Posted: January 31, 2021 in ALBUMS, MUSIC
Tags: ,

jason Isbell continued to stake his claim as Nashville’s most empathetic wordsmith with his seventh album. A slightly more subdued production than 2018’s stormy The Nashville Sound, the LP still cuts deep lyrically with ballads like “Only Children” and “Dreamsicle” — “New sneakers on a high school court/And you swore you’d be there,” he sings in the latter. The impassioned “Be Afraid” takes aim at silence in the wake of injustice, with Isbell proclaiming, “If your words add up to nothing, then you’re making a choice.” Isbell’s keen self-awareness has always been a core component of his work, and like the hard-fought sobriety he chronicled in “It Gets Easier,” he doesn’t always have the answers.

Jason Isbell and Amanda Shires have spent most of 2020 in their Nashville attic, playing half-improvised cover songs and telling charmingly rambling stories to their webcam. This isn’t how things were supposed to go. Isbell, along with Shires and the rest of his 400 Unit band, had just come out with Reunions, one more album of crowd-pleasing country-rockers and quietly devastating laments. They should be playing big outdoor amphitheaters, where they thrive. But maybe it’s better this way. This way, you can sob to yourself while hearing a wrenching fatherhood song like “Letting You Go” without worrying about anyone else in the crowd seeing you.
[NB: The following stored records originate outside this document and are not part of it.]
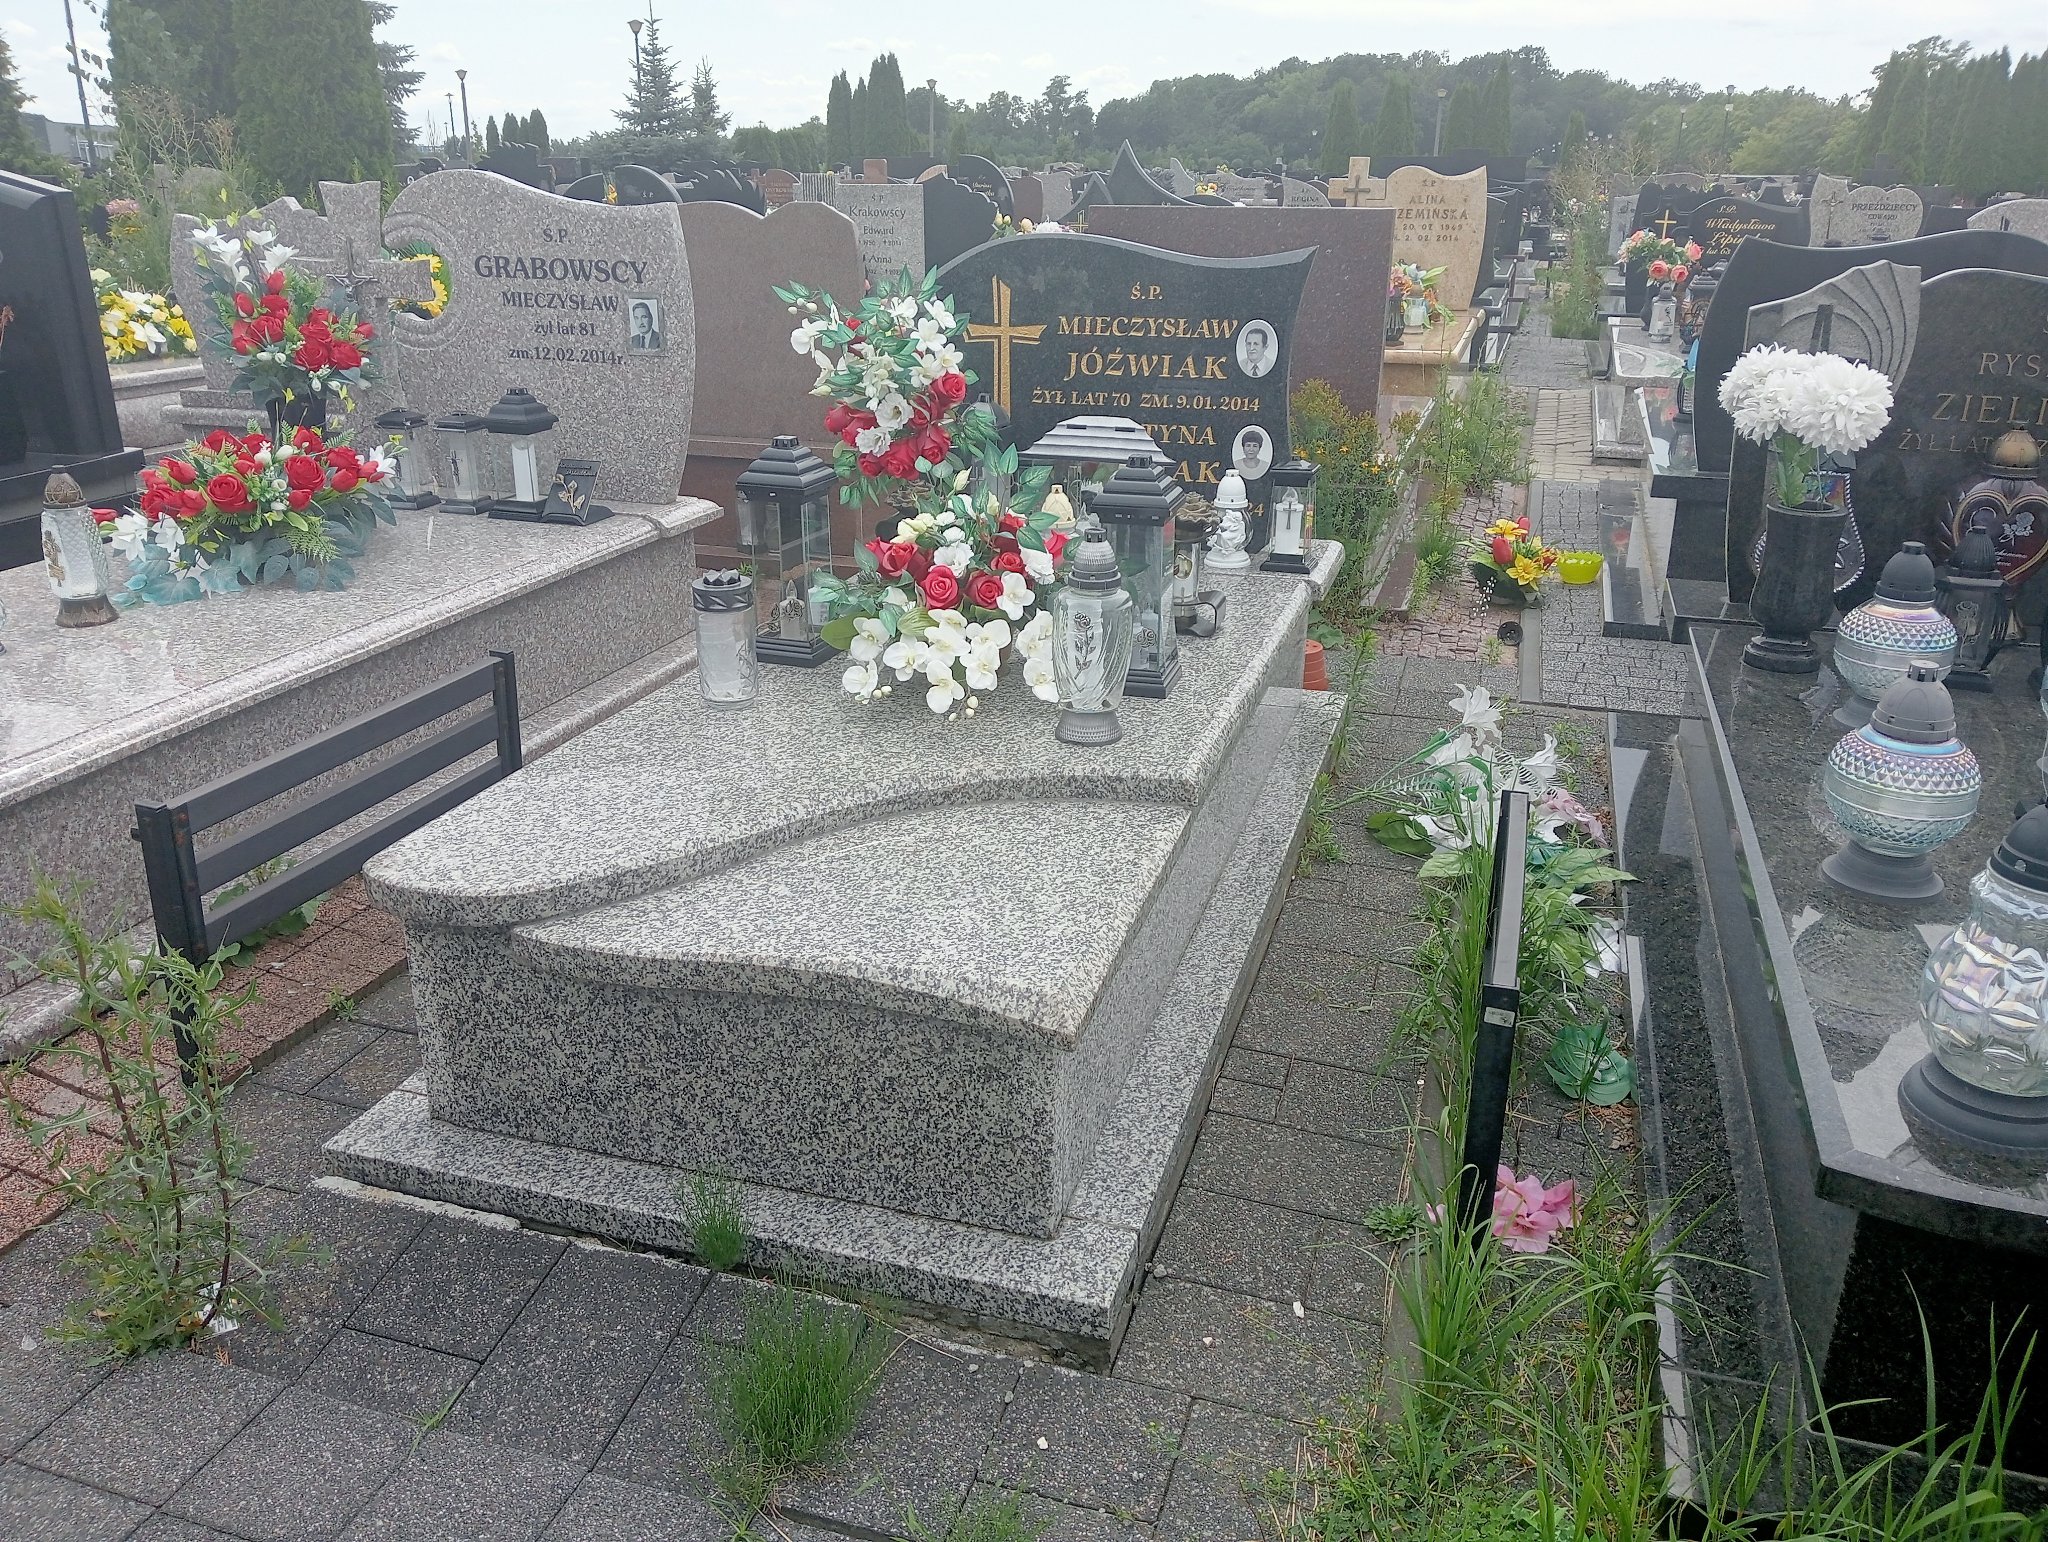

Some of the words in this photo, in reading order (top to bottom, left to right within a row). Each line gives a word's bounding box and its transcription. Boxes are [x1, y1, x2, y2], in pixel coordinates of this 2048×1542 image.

[1409, 195, 1446, 205] ALINA
[849, 205, 906, 220] Krakowscy
[863, 225, 894, 235] Edward
[1705, 217, 1776, 233] Władysława
[868, 253, 892, 264] Anna
[474, 254, 648, 284] GRABOWSCY
[501, 291, 619, 313] MIECZYSŁAW
[533, 321, 554, 337] żył
[556, 321, 576, 336] lat
[579, 323, 597, 336] 81
[1057, 315, 1239, 339] MIECZYSŁAW
[1063, 346, 1228, 382] JÓŹWIAK
[1032, 386, 1066, 405] ŻYŁ
[1071, 391, 1108, 406] LAT
[1112, 392, 1131, 407] 70
[1899, 428, 1938, 451] ŻYŁ
[1949, 435, 1993, 453] LAT
On “Reunions”, he is willing to keep pushing forward anyway. Reunions, the seventh studio album from Jason Isbell and the 400 Unit is a powerful and reflective release. Whereas the album was created on the heels of the anxiety caused by commercial and audience expectations, Reunions lacks any notes of trepidation. Rather, Isbell and the 400 Unit revel in strength and collectivity.

That album is fueled by explosive solos and back-and-forths, finding the musicians garnering inspiration in each other’s talents. This sense of unity is also channelled outward. “What’ve I Done to Help” ponders the role of the individual, especially as guilt and hopelessness seem so overpowering. More so, on “Be Afraid” he defends the use of his cultural platform and music to trumpet his political beliefs. For Isbell, the strength he demonstrates now is the result of his struggles. Contending with sobriety, parenthood, and childhood trauma, Isbell delivers his lyrics as a testament affirming that trials often lead to empowerment. The message is universal and a poignant rumination in 2020’s wake.

His winning streak continues. whether solo or with the fantastic 400 unit, Jason Isbell puts out fantastic music.